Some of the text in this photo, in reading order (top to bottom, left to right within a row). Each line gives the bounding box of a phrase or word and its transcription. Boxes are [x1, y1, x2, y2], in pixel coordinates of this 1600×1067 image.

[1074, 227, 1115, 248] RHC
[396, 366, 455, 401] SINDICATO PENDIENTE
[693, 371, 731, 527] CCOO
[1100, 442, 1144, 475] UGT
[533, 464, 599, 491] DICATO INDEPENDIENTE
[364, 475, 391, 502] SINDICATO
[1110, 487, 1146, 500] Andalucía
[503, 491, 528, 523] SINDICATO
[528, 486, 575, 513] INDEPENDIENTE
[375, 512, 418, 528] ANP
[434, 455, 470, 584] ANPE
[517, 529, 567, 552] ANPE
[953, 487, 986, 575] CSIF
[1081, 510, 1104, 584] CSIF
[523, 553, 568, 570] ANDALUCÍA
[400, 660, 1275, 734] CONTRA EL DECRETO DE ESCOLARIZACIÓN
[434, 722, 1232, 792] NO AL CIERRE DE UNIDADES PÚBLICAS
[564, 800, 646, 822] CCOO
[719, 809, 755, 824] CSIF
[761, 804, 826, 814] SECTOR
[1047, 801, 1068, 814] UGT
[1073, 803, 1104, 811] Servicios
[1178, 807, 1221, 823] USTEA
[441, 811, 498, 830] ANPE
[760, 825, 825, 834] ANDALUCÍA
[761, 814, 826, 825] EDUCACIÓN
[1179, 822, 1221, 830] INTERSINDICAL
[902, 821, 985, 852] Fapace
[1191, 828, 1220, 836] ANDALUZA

- **Work instructions**: Produce a verbatim copy of each record above.

- **Reply**:
Some of the text in this photo, in reading order (top to bottom, left to right within a row). Each line gives the bounding box of a phrase or word and its transcription. Boxes are [x1, y1, x2, y2], in pixel coordinates of this 1600×1067 image.

[1074, 227, 1115, 248] RHC
[396, 366, 455, 401] SINDICATO PENDIENTE
[693, 371, 731, 527] CCOO
[1100, 442, 1144, 475] UGT
[533, 464, 599, 491] DICATO INDEPENDIENTE
[364, 475, 391, 502] SINDICATO
[1110, 487, 1146, 500] Andalucía
[503, 491, 528, 523] SINDICATO
[528, 486, 575, 513] INDEPENDIENTE
[375, 512, 418, 528] ANP
[434, 455, 470, 584] ANPE
[517, 529, 567, 552] ANPE
[953, 487, 986, 575] CSIF
[1081, 510, 1104, 584] CSIF
[523, 553, 568, 570] ANDALUCÍA
[400, 660, 1275, 734] CONTRA EL DECRETO DE ESCOLARIZACIÓN
[434, 722, 1232, 792] NO AL CIERRE DE UNIDADES PÚBLICAS
[564, 800, 646, 822] CCOO
[719, 809, 755, 824] CSIF
[761, 804, 826, 814] SECTOR
[1047, 801, 1068, 814] UGT
[1073, 803, 1104, 811] Servicios
[1178, 807, 1221, 823] USTEA
[441, 811, 498, 830] ANPE
[760, 825, 825, 834] ANDALUCÍA
[761, 814, 826, 825] EDUCACIÓN
[1179, 822, 1221, 830] INTERSINDICAL
[902, 821, 985, 852] Fapace
[1191, 828, 1220, 836] ANDALUZA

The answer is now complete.